**Collected data:**
== Segment start ==

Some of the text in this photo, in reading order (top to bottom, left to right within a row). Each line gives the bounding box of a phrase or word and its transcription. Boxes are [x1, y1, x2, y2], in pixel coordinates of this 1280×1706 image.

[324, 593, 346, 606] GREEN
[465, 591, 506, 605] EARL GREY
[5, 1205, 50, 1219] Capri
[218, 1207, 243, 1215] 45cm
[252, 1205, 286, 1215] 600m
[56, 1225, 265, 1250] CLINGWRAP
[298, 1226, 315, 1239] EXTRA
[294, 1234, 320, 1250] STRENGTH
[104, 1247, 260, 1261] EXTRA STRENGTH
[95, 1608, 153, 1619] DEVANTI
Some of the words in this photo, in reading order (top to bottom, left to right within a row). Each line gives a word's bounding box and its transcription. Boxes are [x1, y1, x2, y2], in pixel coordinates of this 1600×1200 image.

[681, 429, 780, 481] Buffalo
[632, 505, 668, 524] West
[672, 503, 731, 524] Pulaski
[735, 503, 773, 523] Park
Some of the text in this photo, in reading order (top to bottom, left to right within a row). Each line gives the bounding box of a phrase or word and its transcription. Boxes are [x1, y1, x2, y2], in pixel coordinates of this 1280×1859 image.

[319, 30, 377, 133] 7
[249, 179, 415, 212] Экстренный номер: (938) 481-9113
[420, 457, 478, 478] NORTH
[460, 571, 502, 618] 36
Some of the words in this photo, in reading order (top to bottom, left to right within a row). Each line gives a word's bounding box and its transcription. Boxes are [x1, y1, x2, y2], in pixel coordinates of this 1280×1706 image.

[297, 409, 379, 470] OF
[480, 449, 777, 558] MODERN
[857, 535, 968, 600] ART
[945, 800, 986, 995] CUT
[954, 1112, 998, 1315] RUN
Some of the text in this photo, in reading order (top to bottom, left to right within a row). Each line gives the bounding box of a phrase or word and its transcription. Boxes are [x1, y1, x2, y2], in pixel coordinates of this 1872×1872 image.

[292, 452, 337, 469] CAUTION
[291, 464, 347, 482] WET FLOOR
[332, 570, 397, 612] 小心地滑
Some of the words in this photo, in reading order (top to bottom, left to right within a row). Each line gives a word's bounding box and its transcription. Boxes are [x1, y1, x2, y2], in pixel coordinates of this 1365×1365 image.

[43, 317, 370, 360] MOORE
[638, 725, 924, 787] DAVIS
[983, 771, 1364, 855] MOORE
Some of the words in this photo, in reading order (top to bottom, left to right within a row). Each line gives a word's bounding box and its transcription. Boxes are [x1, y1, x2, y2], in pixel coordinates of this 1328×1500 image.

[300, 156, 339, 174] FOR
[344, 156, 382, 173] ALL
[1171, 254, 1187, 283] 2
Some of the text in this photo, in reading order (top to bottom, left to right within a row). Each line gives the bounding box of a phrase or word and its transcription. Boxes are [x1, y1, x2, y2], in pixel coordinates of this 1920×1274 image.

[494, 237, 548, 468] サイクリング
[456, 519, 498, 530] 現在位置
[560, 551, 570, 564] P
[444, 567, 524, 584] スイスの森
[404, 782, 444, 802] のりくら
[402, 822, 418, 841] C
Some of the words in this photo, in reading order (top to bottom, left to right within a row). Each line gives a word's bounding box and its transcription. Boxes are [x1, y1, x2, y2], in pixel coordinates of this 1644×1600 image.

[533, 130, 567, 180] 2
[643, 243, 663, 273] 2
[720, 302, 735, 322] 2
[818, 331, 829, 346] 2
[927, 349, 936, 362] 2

== Segment end ==

**Aim of the task:**
All of the data above should be reproduced exactly, with nothing missing.

**Task solution:**
Some of the text in this photo, in reading order (top to bottom, left to right within a row). Each line gives the bounding box of a phrase or word and its transcription. Boxes are [x1, y1, x2, y2], in pixel coordinates of this 1280×1706 image.

[324, 593, 346, 606] GREEN
[465, 591, 506, 605] EARL GREY
[5, 1205, 50, 1219] Capri
[218, 1207, 243, 1215] 45cm
[252, 1205, 286, 1215] 600m
[56, 1225, 265, 1250] CLINGWRAP
[298, 1226, 315, 1239] EXTRA
[294, 1234, 320, 1250] STRENGTH
[104, 1247, 260, 1261] EXTRA STRENGTH
[95, 1608, 153, 1619] DEVANTI
Some of the words in this photo, in reading order (top to bottom, left to right within a row). Each line gives a word's bounding box and its transcription. Boxes are [x1, y1, x2, y2], in pixel coordinates of this 1600×1200 image.

[681, 429, 780, 481] Buffalo
[632, 505, 668, 524] West
[672, 503, 731, 524] Pulaski
[735, 503, 773, 523] Park
Some of the text in this photo, in reading order (top to bottom, left to right within a row). Each line gives the bounding box of a phrase or word and its transcription. Boxes are [x1, y1, x2, y2], in pixel coordinates of this 1280×1859 image.

[319, 30, 377, 133] 7
[249, 179, 415, 212] Экстренный номер: (938) 481-9113
[420, 457, 478, 478] NORTH
[460, 571, 502, 618] 36
Some of the words in this photo, in reading order (top to bottom, left to right within a row). Each line gives a word's bounding box and its transcription. Boxes are [x1, y1, x2, y2], in pixel coordinates of this 1280×1706 image.

[297, 409, 379, 470] OF
[480, 449, 777, 558] MODERN
[857, 535, 968, 600] ART
[945, 800, 986, 995] CUT
[954, 1112, 998, 1315] RUN
Some of the text in this photo, in reading order (top to bottom, left to right within a row). Each line gives the bounding box of a phrase or word and its transcription. Boxes are [x1, y1, x2, y2], in pixel coordinates of this 1872×1872 image.

[292, 452, 337, 469] CAUTION
[291, 464, 347, 482] WET FLOOR
[332, 570, 397, 612] 小心地滑
Some of the words in this photo, in reading order (top to bottom, left to right within a row). Each line gives a word's bounding box and its transcription. Boxes are [x1, y1, x2, y2], in pixel coordinates of this 1365×1365 image.

[43, 317, 370, 360] MOORE
[638, 725, 924, 787] DAVIS
[983, 771, 1364, 855] MOORE
Some of the words in this photo, in reading order (top to bottom, left to right within a row). Each line gives a word's bounding box and its transcription. Boxes are [x1, y1, x2, y2], in pixel coordinates of this 1328×1500 image.

[300, 156, 339, 174] FOR
[344, 156, 382, 173] ALL
[1171, 254, 1187, 283] 2
Some of the text in this photo, in reading order (top to bottom, left to right within a row). Each line gives the bounding box of a phrase or word and its transcription. Boxes are [x1, y1, x2, y2], in pixel coordinates of this 1920×1274 image.

[494, 237, 548, 468] サイクリング
[456, 519, 498, 530] 現在位置
[560, 551, 570, 564] P
[444, 567, 524, 584] スイスの森
[404, 782, 444, 802] のりくら
[402, 822, 418, 841] C
Some of the words in this photo, in reading order (top to bottom, left to right within a row). Each line gives a word's bounding box and its transcription. Boxes are [x1, y1, x2, y2], in pixel coordinates of this 1644×1600 image.

[533, 130, 567, 180] 2
[643, 243, 663, 273] 2
[720, 302, 735, 322] 2
[818, 331, 829, 346] 2
[927, 349, 936, 362] 2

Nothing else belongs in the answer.